─── AVAILABLE RECORDS
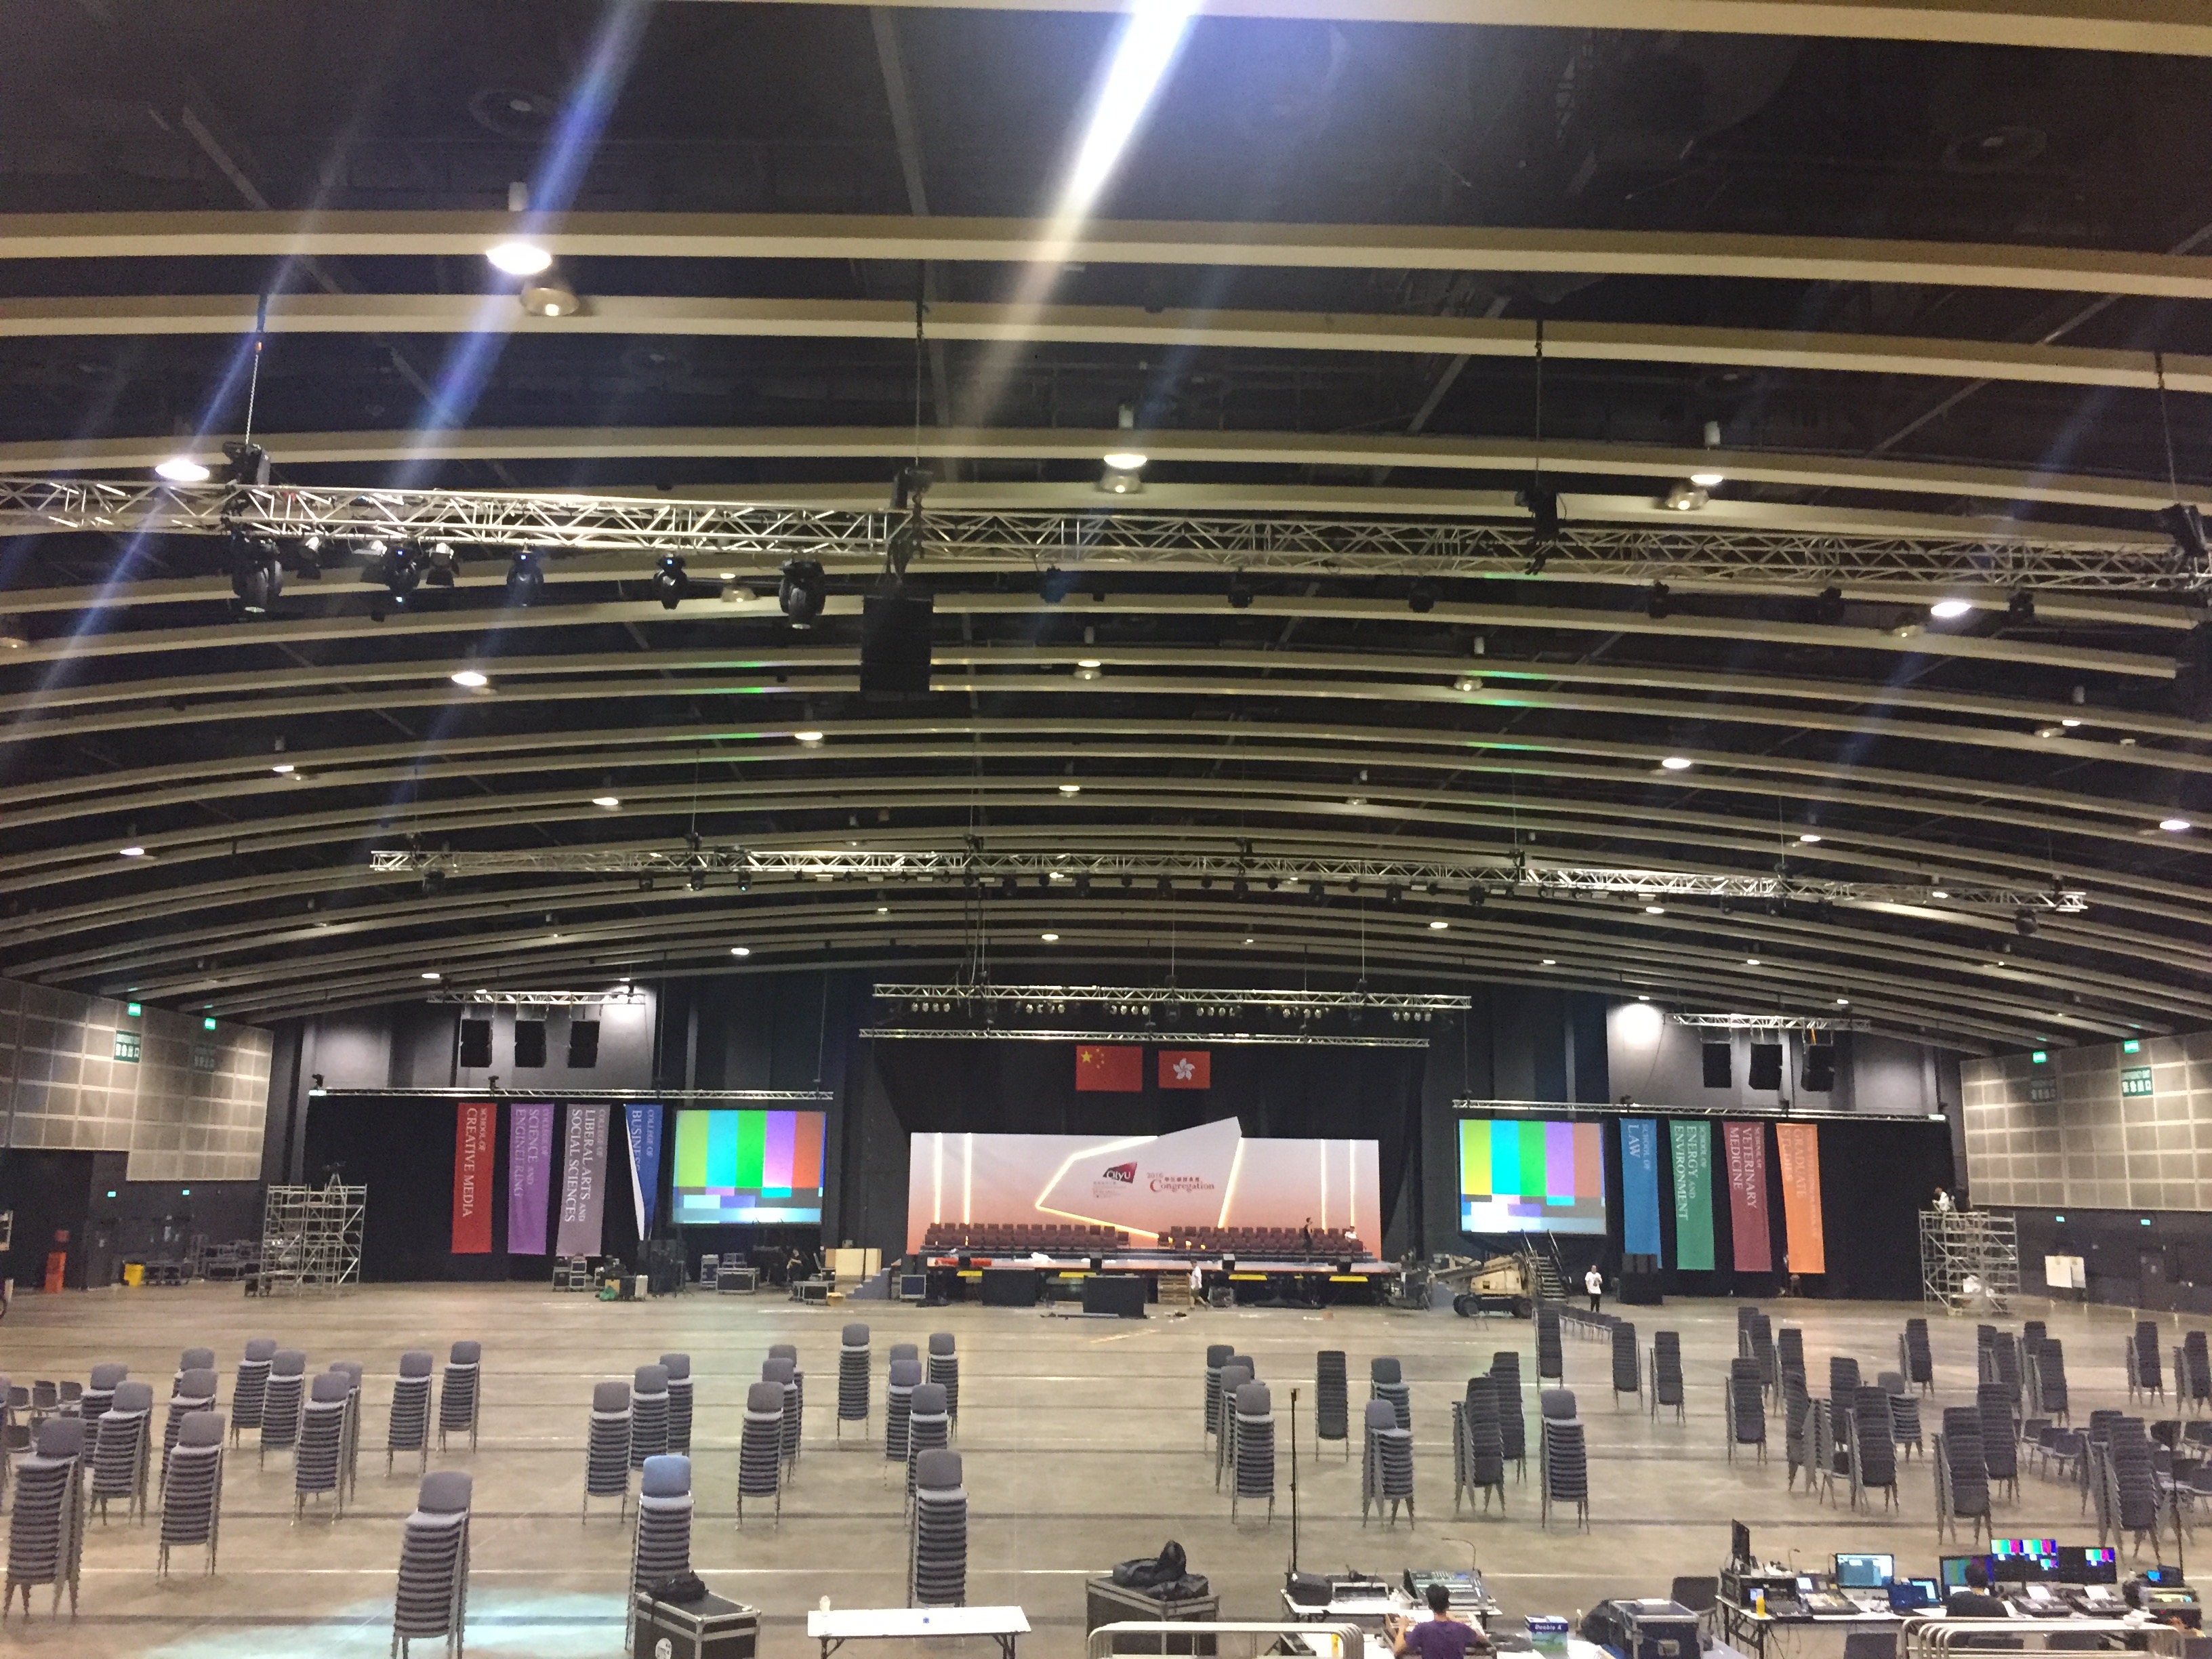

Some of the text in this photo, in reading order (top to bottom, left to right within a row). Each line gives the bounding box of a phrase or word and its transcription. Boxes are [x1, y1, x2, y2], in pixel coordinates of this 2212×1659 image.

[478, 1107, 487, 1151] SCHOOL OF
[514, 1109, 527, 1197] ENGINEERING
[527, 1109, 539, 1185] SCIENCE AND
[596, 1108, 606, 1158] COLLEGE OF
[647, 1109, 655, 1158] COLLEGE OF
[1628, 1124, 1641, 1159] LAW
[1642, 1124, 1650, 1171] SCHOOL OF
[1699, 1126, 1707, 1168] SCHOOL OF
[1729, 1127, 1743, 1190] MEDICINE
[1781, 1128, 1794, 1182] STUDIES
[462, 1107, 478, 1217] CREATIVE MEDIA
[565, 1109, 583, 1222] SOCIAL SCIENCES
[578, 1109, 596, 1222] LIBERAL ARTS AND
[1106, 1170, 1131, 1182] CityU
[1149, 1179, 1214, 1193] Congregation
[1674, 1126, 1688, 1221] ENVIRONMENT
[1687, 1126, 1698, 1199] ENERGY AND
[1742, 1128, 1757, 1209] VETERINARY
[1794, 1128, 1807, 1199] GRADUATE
──────
*WHAT IS NEEDED*.
Set down the records exactly, without the pictures.

*RESULT OF THE TASK*.
Some of the text in this photo, in reading order (top to bottom, left to right within a row). Each line gives the bounding box of a phrase or word and its transcription. Boxes are [x1, y1, x2, y2], in pixel coordinates of this 2212×1659 image.

[478, 1107, 487, 1151] SCHOOL OF
[514, 1109, 527, 1197] ENGINEERING
[527, 1109, 539, 1185] SCIENCE AND
[596, 1108, 606, 1158] COLLEGE OF
[647, 1109, 655, 1158] COLLEGE OF
[1628, 1124, 1641, 1159] LAW
[1642, 1124, 1650, 1171] SCHOOL OF
[1699, 1126, 1707, 1168] SCHOOL OF
[1729, 1127, 1743, 1190] MEDICINE
[1781, 1128, 1794, 1182] STUDIES
[462, 1107, 478, 1217] CREATIVE MEDIA
[565, 1109, 583, 1222] SOCIAL SCIENCES
[578, 1109, 596, 1222] LIBERAL ARTS AND
[1106, 1170, 1131, 1182] CityU
[1149, 1179, 1214, 1193] Congregation
[1674, 1126, 1688, 1221] ENVIRONMENT
[1687, 1126, 1698, 1199] ENERGY AND
[1742, 1128, 1757, 1209] VETERINARY
[1794, 1128, 1807, 1199] GRADUATE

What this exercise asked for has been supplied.